The Department of Sociology was ecstatic to feature the following outstanding Sociologists@Work for our first Series.

Katie is pictured from the waist up and is smiling towards the camera.
Katie Bittinger

Katie Bittinger (WSU PhD) is a data analyst for the Washington Department of Social and Health Services. Her responsibilities include project management, statistical analysis of administrative data, and reporting of research findings.


Juanita is pictured from the waist up and smiling.
Juanita J. Chinn

Juanita J. Chinn (University of Texas PhD) is the program director for the Population Dynamics Branch of the Eunice Kennedy Shriver National Institute of Child Health and Human Development. Her interests include racial, ethnic, and nativity disparities in health.

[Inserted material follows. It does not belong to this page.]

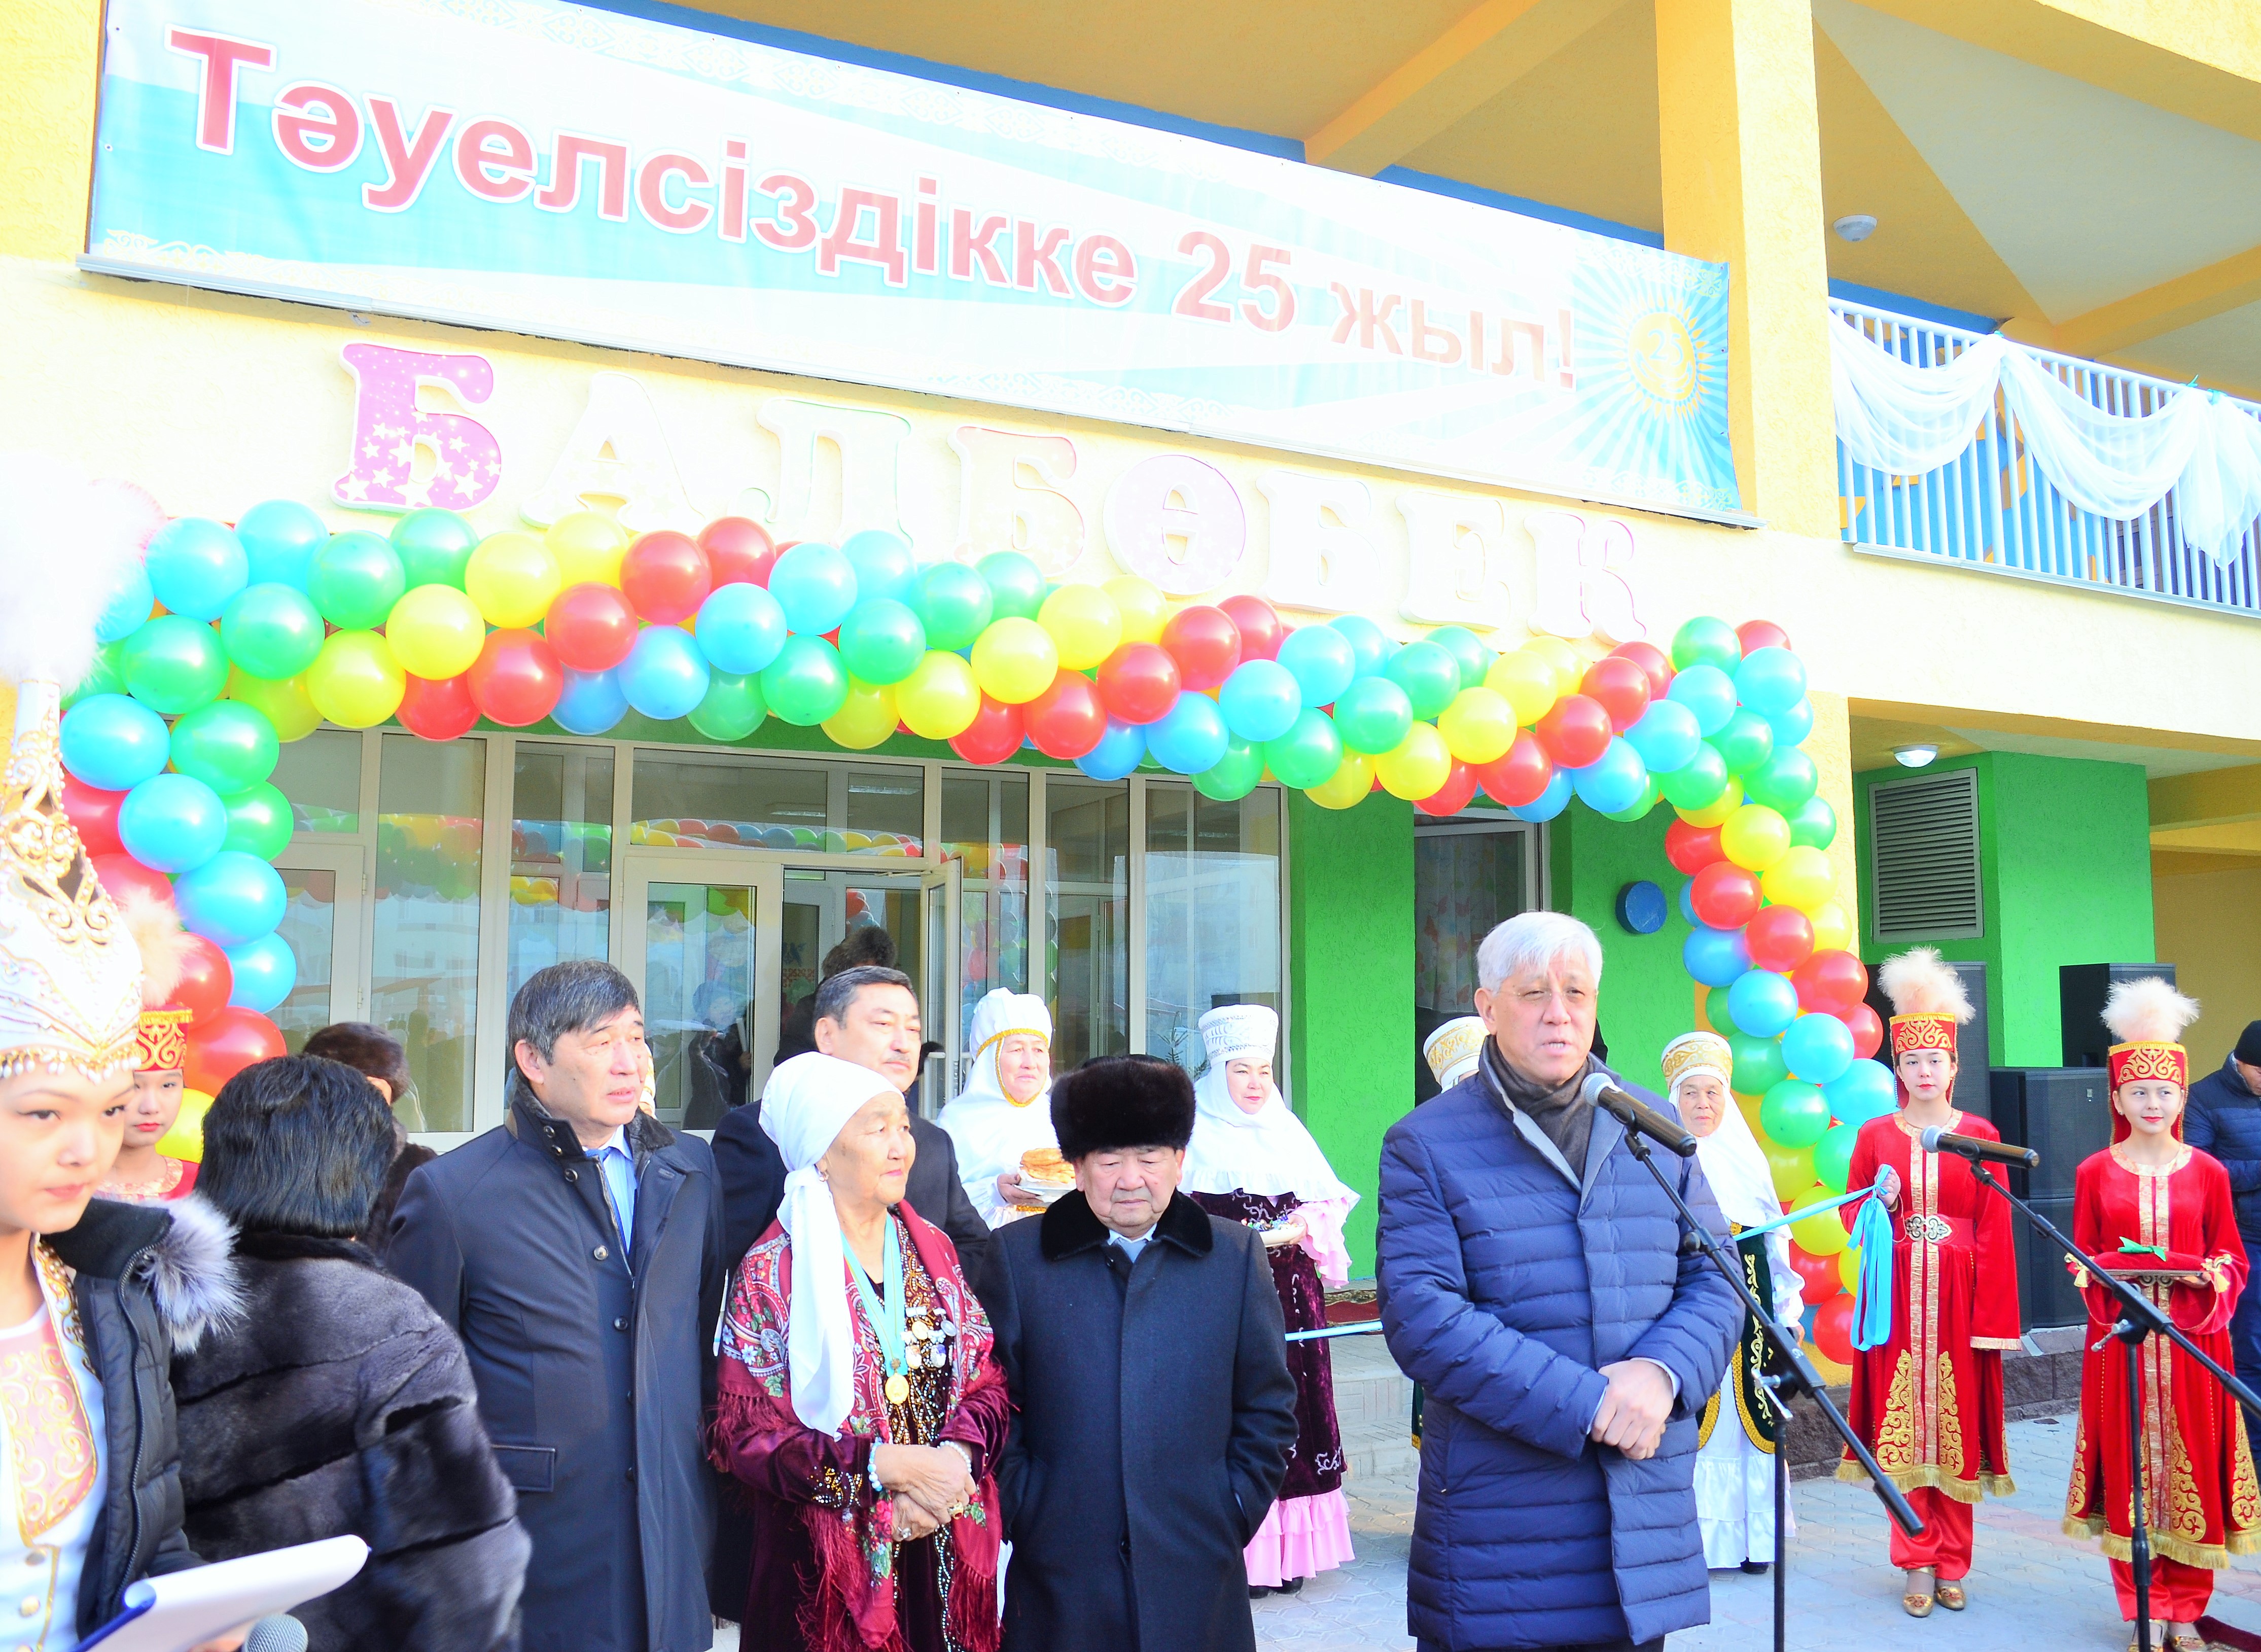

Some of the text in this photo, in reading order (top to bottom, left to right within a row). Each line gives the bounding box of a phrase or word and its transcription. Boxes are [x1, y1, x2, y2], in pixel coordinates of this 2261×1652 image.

[169, 28, 1573, 389] Тәуелсіздікке 25 жыл!
[1647, 328, 1683, 366] 25
[331, 342, 1647, 645] БАЛБӨБЕК

Matt is pictured with his chin resting on his balled first and softly smirking.
Matt Rafalow

Matt Rafalow (UC Irvine PhD) is a senior researcher and social scientist at Google, where he leads a research program on live-streaming experiences. His interests include education, inequalities, and technology.



Spring Colloquium Series

For the department’s Spring 2021 Colloquium Series, we were honored to hear from the following scholars: Amir Asim Gilmore, assistant professor, Cultural Studies and Social Thought in Education, WSU, presented “Being Against The Black: Exploring Black Social Life and Black Social Death in the Afterlife of Slavery”; Anna Zamora-Kapoor, assistant professor, Sociology and Medical Education and Clinical Sciences, WSU, presented “Anti-immigrant politics: How the state makes a difference”; and J. Tom Muller, assistant professor, Sociology, Utah State University, presented “Natural Resource Dependence in Rural America.”

Additionally, the department read sociologist Crystal Fleming’s book How to Be Less Stupid About Race as a pre-text for a department-wide discussion on the department’s anti-racism action plan. Merrianneeta Nesbitt, assistant director of the Office of Outreach and Education at WSU, provided a fantastic setup and facilitation of the conversation.